Thanks dude! So this would be up to the task: ASRock FATAL1TY Z97X KILLER Slots: 3x PCI-Express 3.0 x16 Slots (run at x16 or x8/x8 or x8/x4/x4), 3x PCI-Express 2.0 x1 Slots Multi-Graphics: Supports AMD Quad CrossFireX, 3-Way CrossFireX, CrossFireX and NVIDIA Quad SLI, SLI Technology
I've got the exact same thing. My board is 16x/4x @ PCI-E 2.0 for Crossfire. While it's not ideal, for my 7850s it IS a huge improvement over a single card. Unless you're trying to run 4K, and with how powerful those cards are already, the performance cut of using a 4x slot vs buying a new board isn't gonna be noticeable outside of benchmarking, IMO. Just had a thought, since the R9 series uses the PCI-E bus for Crossfire talk instead of the card-to-card bridge, would that make a bigger impact on a 4x slot? I'm not as up to date on that aspect of all this.
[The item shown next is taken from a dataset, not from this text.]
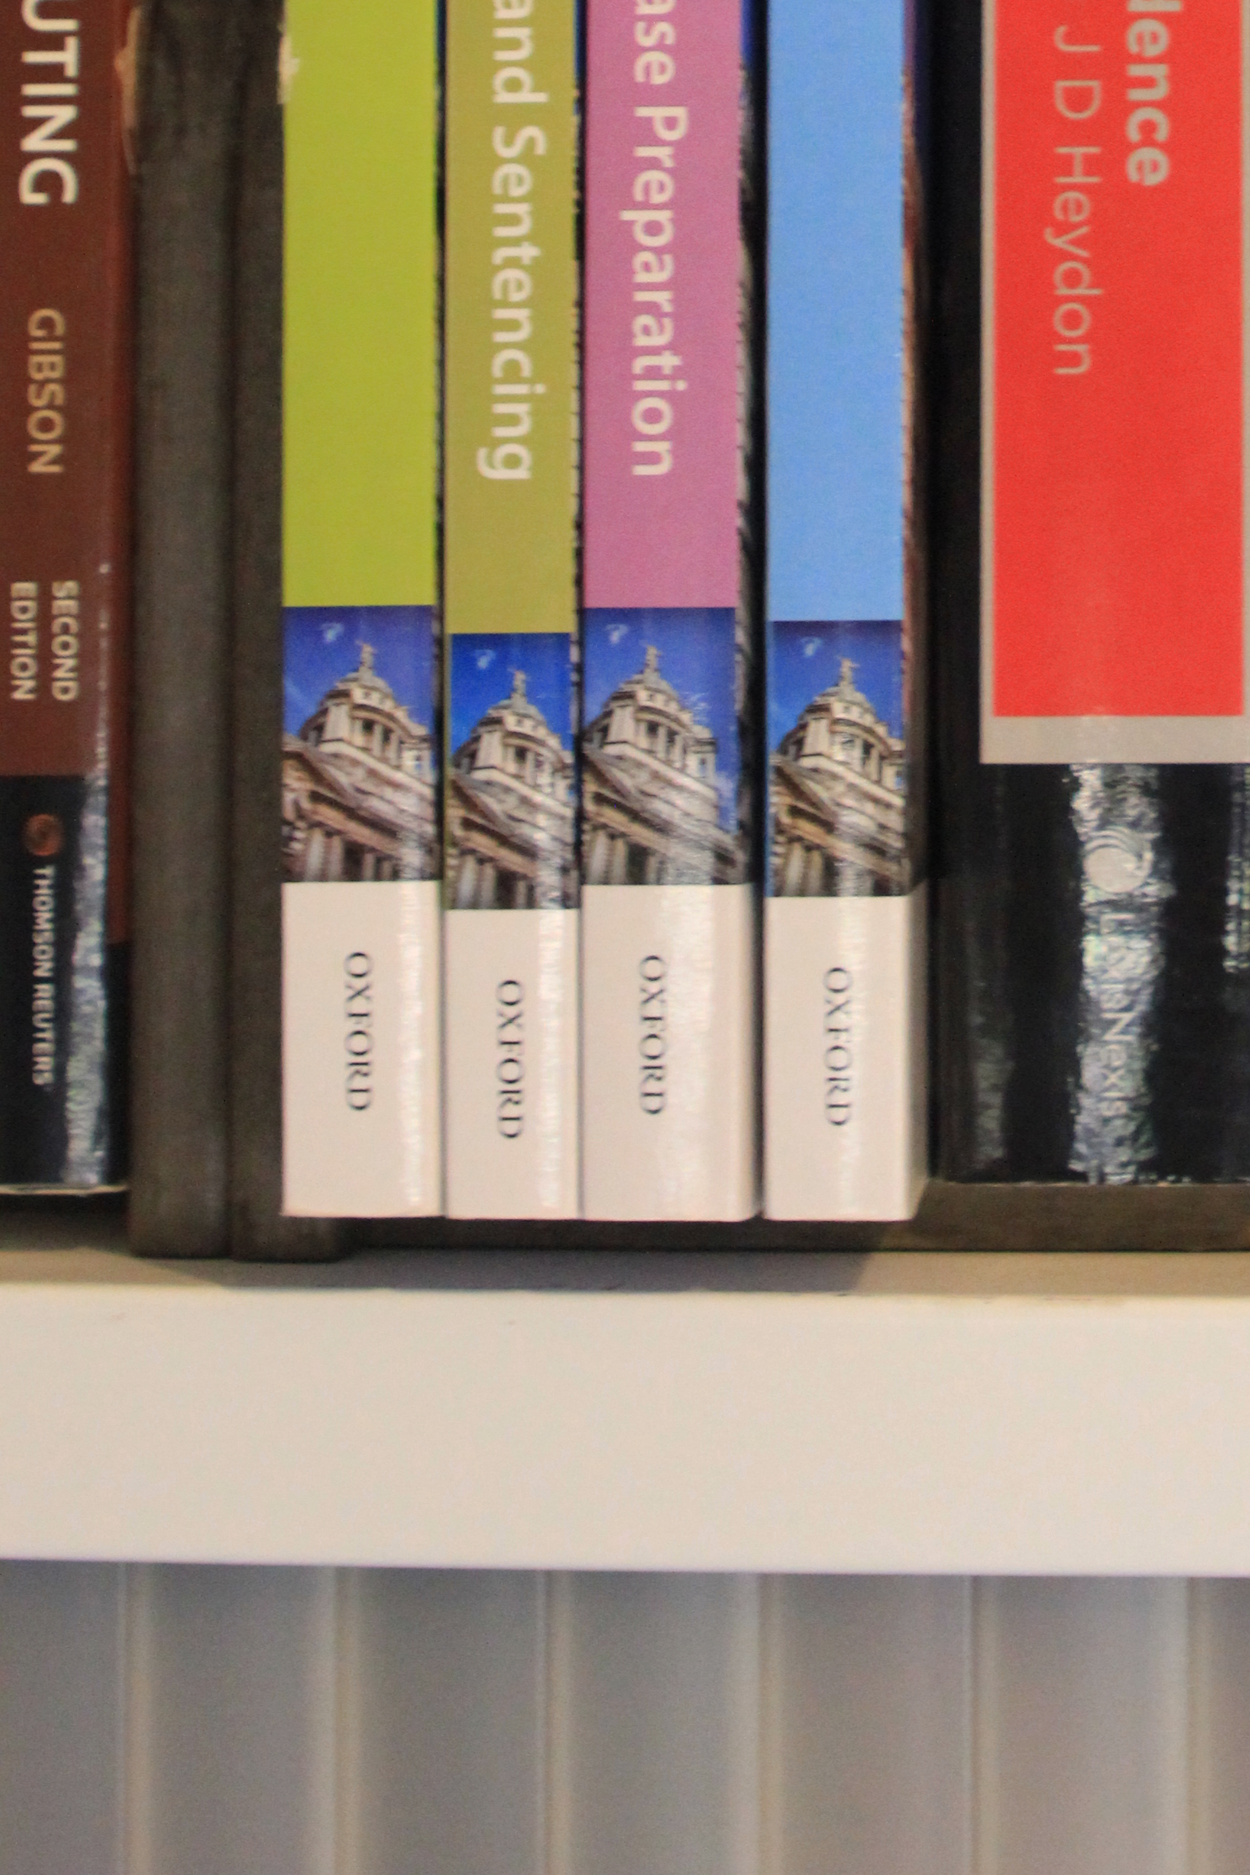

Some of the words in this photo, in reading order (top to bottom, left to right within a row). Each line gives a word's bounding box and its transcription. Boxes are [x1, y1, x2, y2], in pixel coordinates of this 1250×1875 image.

I think AMD recommends PCIE 3.0 for bridgeless Crossfire on R9 290(X). I ran for a while the fist card in the top 8x slot and the second card in the bottom 4x slot instead of the usual 8x top, 8x middle and there was a small penalty, can't remember exactly, around 10% I think. Mostly noticeable in 3DMark but also to a smaller extent in BF4.